Chromatin immunoprecipitation (ChIP) assay

Chromatin immunoprecipitation was performed as described previously30,39. Cells (1.5 × 107) were cross-linked by the addition of 1% formaldehyde for 10 minutes. Cells were lysed with [10 mM Tris-HCl (pH 8.0), 10 mM NaCl, 3 mM MgCl2, 0.5% NP-40]. Nuclei were collected by centrifugation, resuspended in [1% SDS, 5 mmol/L EDTA, 50 mmol/L Tris-HCl (pH 8.0)] and sonicated to generate chromatin to an average length of ~100 to 500 bp. Next, samples in [1% Triton X-100, 2 mM EDTA, 20 mM Tris–HCl of pH 8.1, 150 mM NaCl], were immunoprecipitated overnight at 4 °C with 4 μg ChIP-grade antibody. 20 µl of magnetic beads (Dynabeads M-280, Invitrogen) were used to purify immunocomplexes. Following purification, cross-links were reverted by incubation at 65 °C for 6 h. Samples were purified with Qiagen kit.

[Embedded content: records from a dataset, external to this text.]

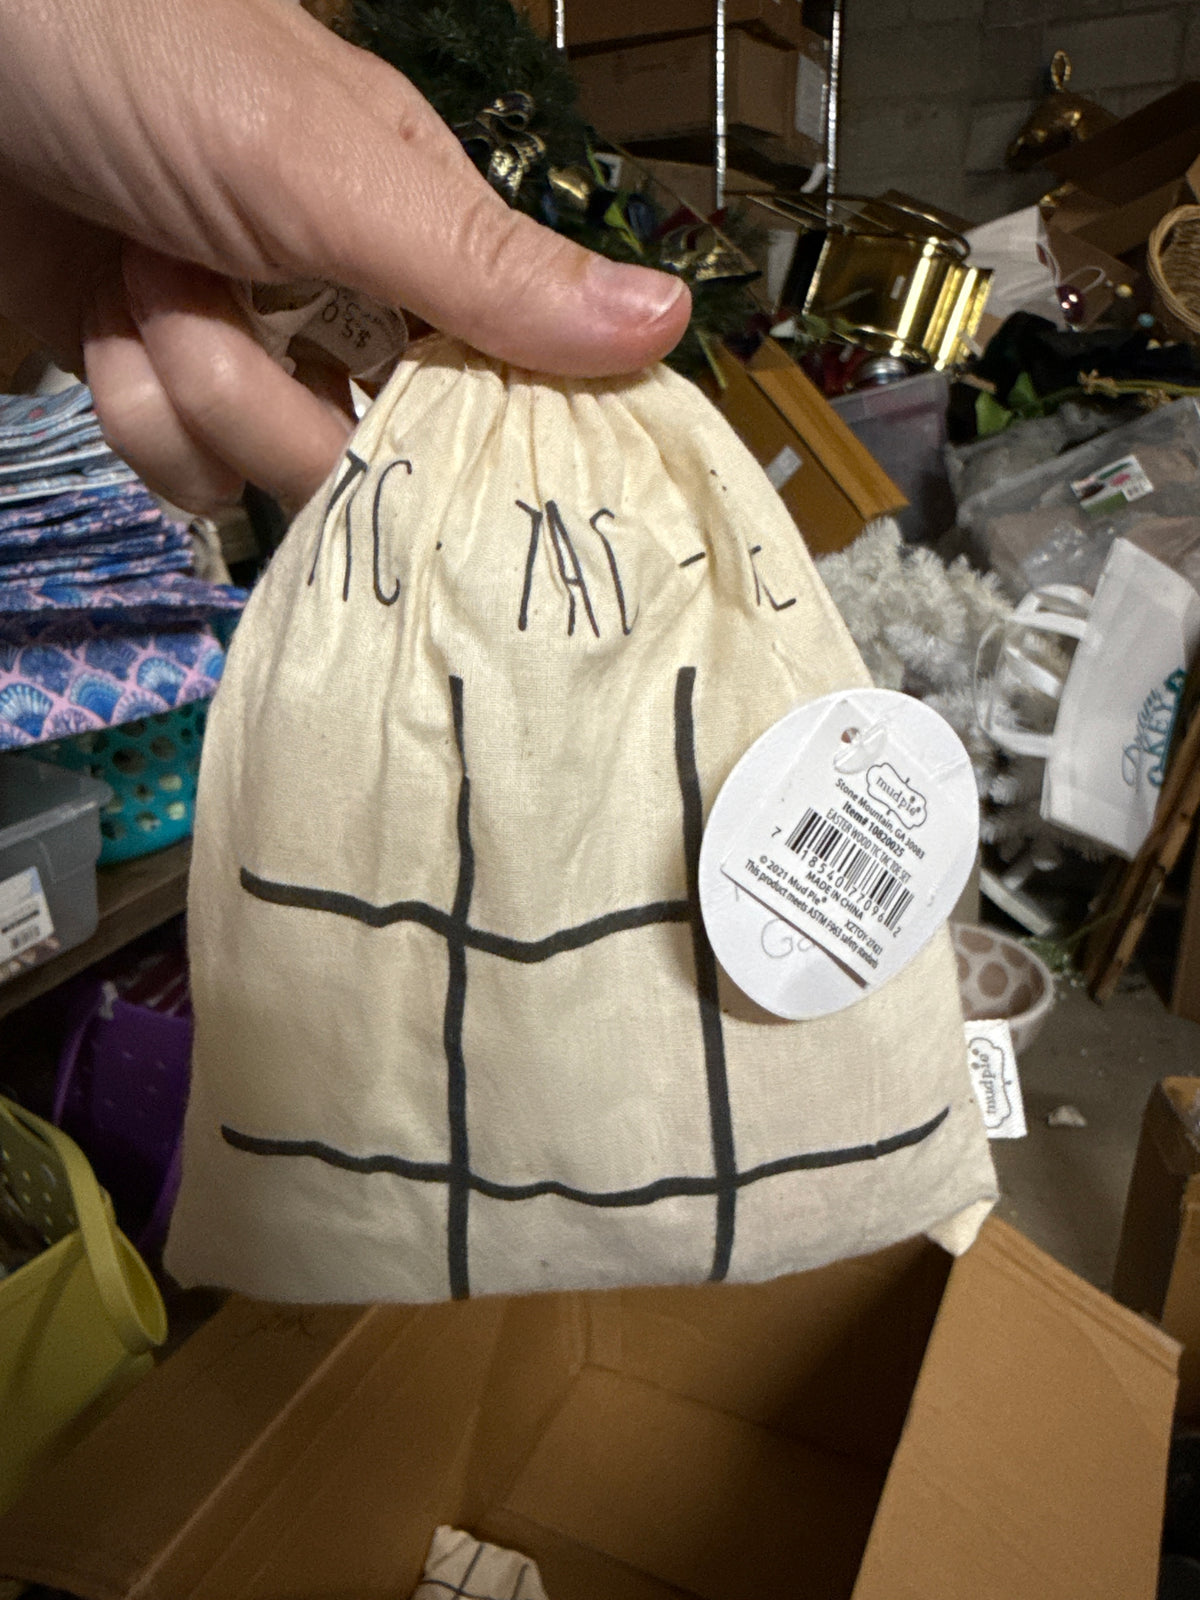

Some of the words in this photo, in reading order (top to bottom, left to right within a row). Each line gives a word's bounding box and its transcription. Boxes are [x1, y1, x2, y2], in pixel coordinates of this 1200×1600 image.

[771, 826, 782, 837] 7
[825, 807, 852, 833] EASTER
[850, 827, 872, 849] WOOD
[870, 843, 882, 857] TIC
[898, 869, 911, 883] SET
[835, 778, 858, 801] Stone
[857, 796, 893, 833] Mountain,
[894, 828, 906, 842] GA
[904, 837, 925, 859] 30083
[842, 800, 869, 826] Item#
[867, 821, 905, 858] 10820025
[745, 858, 760, 876] This
[757, 872, 788, 897] product
[786, 892, 808, 912] meets
[806, 906, 828, 926] ASTM
[839, 933, 859, 952] safety
[766, 860, 788, 880] 2021
[787, 875, 809, 895] Mud
[805, 870, 832, 894] MADE
[830, 889, 841, 902] IN
[839, 897, 863, 920] CHINA

Primers were as follows: Sod1, gggaactttctcagtccgca, gcgccacggagcttttatag; Sod2, cacgcggcctctaccaattt, ccgcaaggacacagcgaa.

TUNEL assay

TUNEL assay was performed using the DeadEND Colorimetric TUNEL System (Promega) according to the manufacturer’s instructions.

ADMA measurement

Serum ADMA was measured using universal ADMA ELISA kit (Novus) according to manufacturer’s instruction.

Isolation of mouse primary hepatocytes

Primary hepatocytes were freshly isolated from mouse liver as described before39. Cells were isolated using a multi-step collagenase procedure as described in detail56. Media consisted of Williams’ Medium E (Life Technologies) supplemented with l-glutamine (2 mM) (Life Technologies), HEPES (10 mM), insulin (10–7 M), dexamethasone (10−7 M), penicillin (100 U/mL), streptomycin (100 μg/mL) and amphotericin B (0.25 μg/mL). The hepatocytes were brought to a concentration of 0.5 × 106 cells/ml in Williams’ Medium E, as described above, plus 5% bovine calf serum. The hepatocytes were then seeded on collagen coated plates and allowed to attach in a humidified 37 °C, 5% CO2 incubator for 12 h and then treated as indicated.

Statistics

Results are expressed as mean ± SD. The Student t test, paired t test, Pearson’s correlation, or one-way ANOVA with Bonferroni post hoc test was used for statistical analyses. p value < 0.05 was considered significant.